By James Aspinwall, co-written by Alfred (your trusted AI agent) – February 24, 2026, 11:00
Anthropic just shipped four features that fundamentally change how AI agents call tools. If you’ve been building agents with the standard JSON tool-calling pattern – model emits JSON, server executes, result goes back into context, repeat – these features address the pain points you’ve already hit.
AI Jason covers all four in a solid 14-minute walkthrough: https://www.youtube.com/watch?v=3wglqgskzjQ
Here’s a detailed breakdown of what shipped and what it means for production agents.
The Problem with Classic Tool Calling
The traditional flow is simple: send the model a list of tools (name, description, JSON schema), it returns a JSON tool call, the server executes it, appends the result, and the model decides the next call.
This works for simple tasks. It falls apart for complex ones:
- Inefficiency: A Gmail workflow (search -> list of IDs -> repeated “read email” calls) forces the model to regenerate IDs exactly and shuttle large payloads through context. Every round trip costs tokens and latency.
- Context bloat: APIs like web search or page fetch return huge metadata or full HTML when the agent only needs a few paragraphs or IDs.
- Non-determinism: The model generates JSON every time. Each generation is a chance for errors – wrong parameter formats, inconsistent handling, hallucinated values.

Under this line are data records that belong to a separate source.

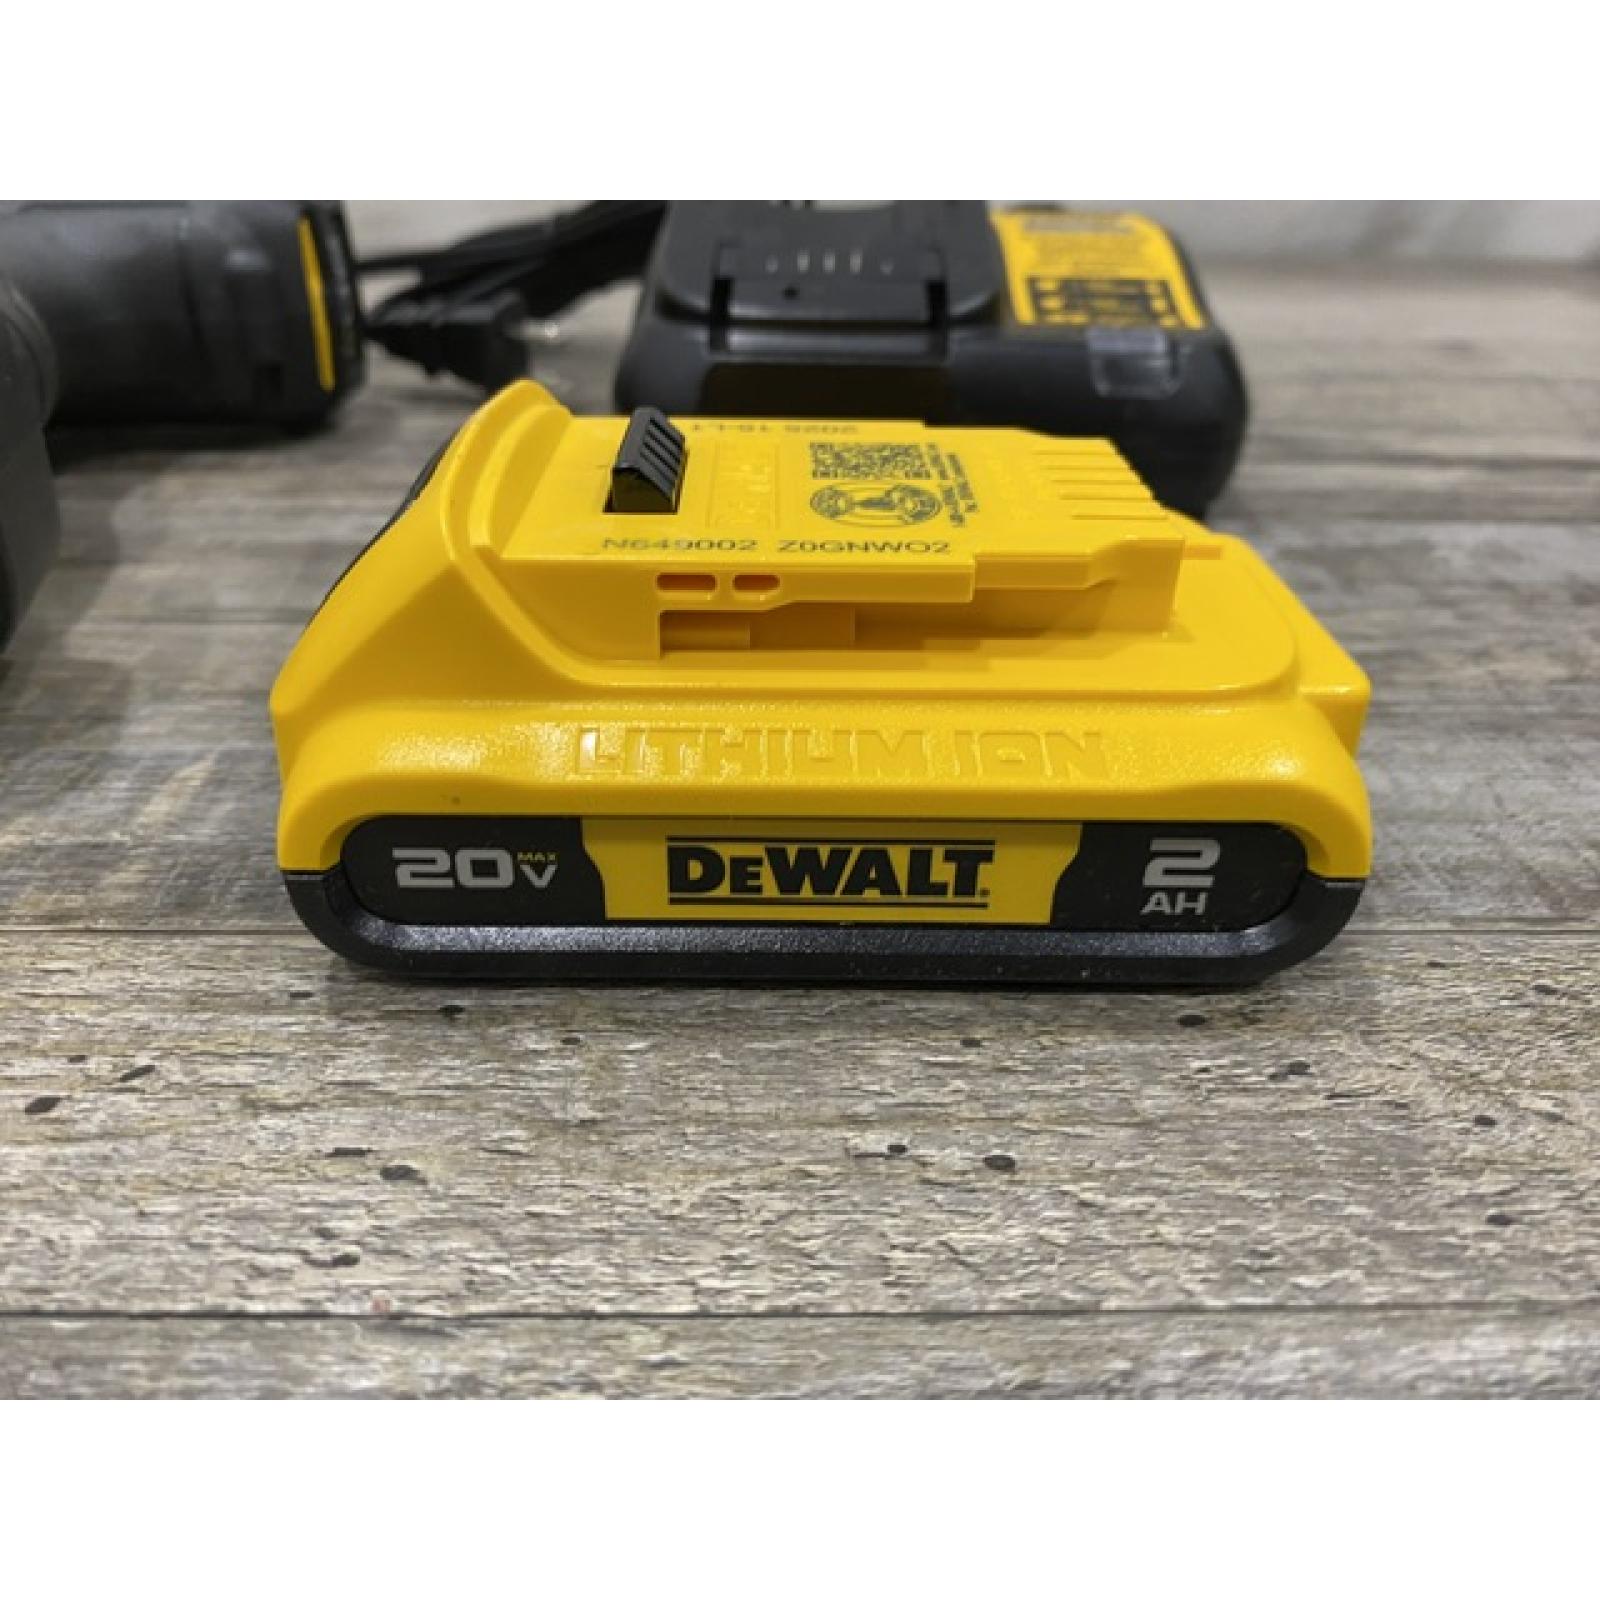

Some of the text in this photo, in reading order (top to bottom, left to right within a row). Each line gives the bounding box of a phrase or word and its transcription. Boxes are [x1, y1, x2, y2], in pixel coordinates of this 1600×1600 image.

[575, 728, 1102, 777] LITHIUM ION
[1143, 838, 1220, 888] 2
[1141, 892, 1207, 915] AH
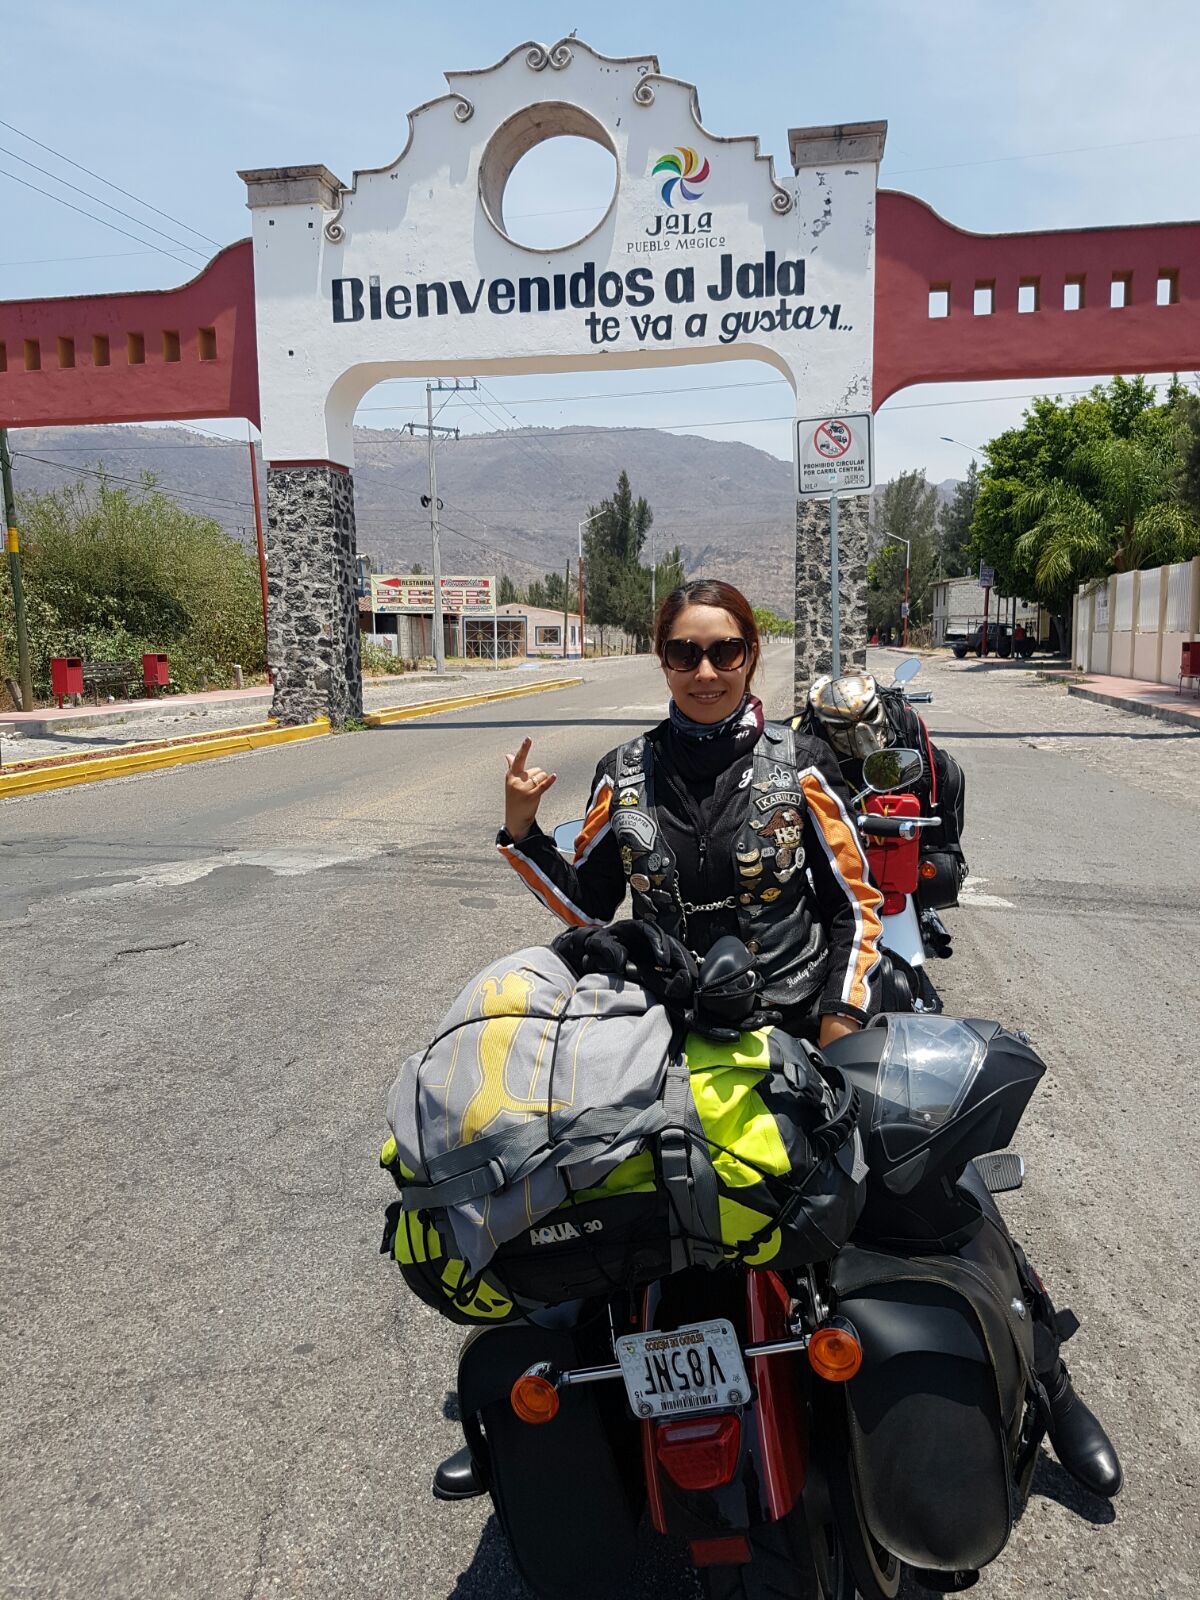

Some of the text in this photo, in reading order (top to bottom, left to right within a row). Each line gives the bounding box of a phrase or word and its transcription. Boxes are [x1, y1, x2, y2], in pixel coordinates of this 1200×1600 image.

[331, 250, 806, 323] Bienvenidos a Jala
[584, 311, 621, 344] te
[630, 314, 673, 341] va
[684, 313, 708, 338] a
[761, 793, 798, 808] KARINA
[627, 813, 649, 829] CHAPTER
[529, 1219, 603, 1246] AQUA 30
[678, 1332, 705, 1346] ESTADO
[644, 1345, 726, 1396] V85NF

- Bigger context doesn’t fix it: Even with ~1M token windows, effective usable context is far lower. Minimizing what goes into context still matters.
The “write a blog about AI news” example illustrates it well: the agent searches the web, fetches pages as raw HTML, then has to reconstruct relevant content from noise to feed into a writing tool. Most tokens are wasted.
Feature 1: Programmatic Tool Calling
This is the big one. Inspired by the “Executable Code Actions” paper and similar to Cloudflare’s code mode.
Instead of the model being a JSON glue layer that emits one tool call at a time, it gets a code execution environment with access to all available tools.
The model outputs code – TypeScript-style – that:
- Calls multiple tools in sequence or parallel
- Pipes the result of one tool into another
- Uses loops and conditionals to orchestrate workflows deterministically
- Keeps intermediate data inside the execution environment, out of the conversation context
How it works
You add a code execution tool to the model’s tool list – a sandbox for running model-written code. For each other tool, you set an allowed_caller that includes this code execution tool (referenced by a version ID like code_execution_20260120).
When the model gets a task like “query the database for last quarter purchases, then find top five customers by revenue,” its first response is a code snippet that calls the query tool, processes results, calls aggregation tools – all in one execution block.
The runtime extracts all tool uses from the code, executes them, collects results, and sends them back as a tool response. The model resumes execution with actual results and synthesizes the final answer.
Why it matters
- Fewer LLM round-trips – code can batch and parallelize tool calls
- Deterministic orchestration – filtering and branching happen in code, not in probabilistic JSON generation
- 30-50% token savings in workflows with large datasets or deterministic pipelines
-
Minimal integration changes – add the code execution tool, set
allowed_caller, update your runtime to extract and execute tool uses
LLMs are better at writing code than repeatedly emitting ad-hoc JSON. This plays to the model’s strength.
Feature 2: Dynamic Filtering for Web Fetch
This is a specialized application of programmatic tool calling for the web_fetch tool.
Problem: Traditional web fetch dumps entire HTML pages into context. Scripts, nav bars, footers, ads – all irrelevant, all consuming tokens.
Solution: Anthropic adds a middle layer. When web_fetch is called, filter code runs in a sandbox to extract only the relevant content before it hits the model’s context. The filtering is handled automatically by the code execution infrastructure.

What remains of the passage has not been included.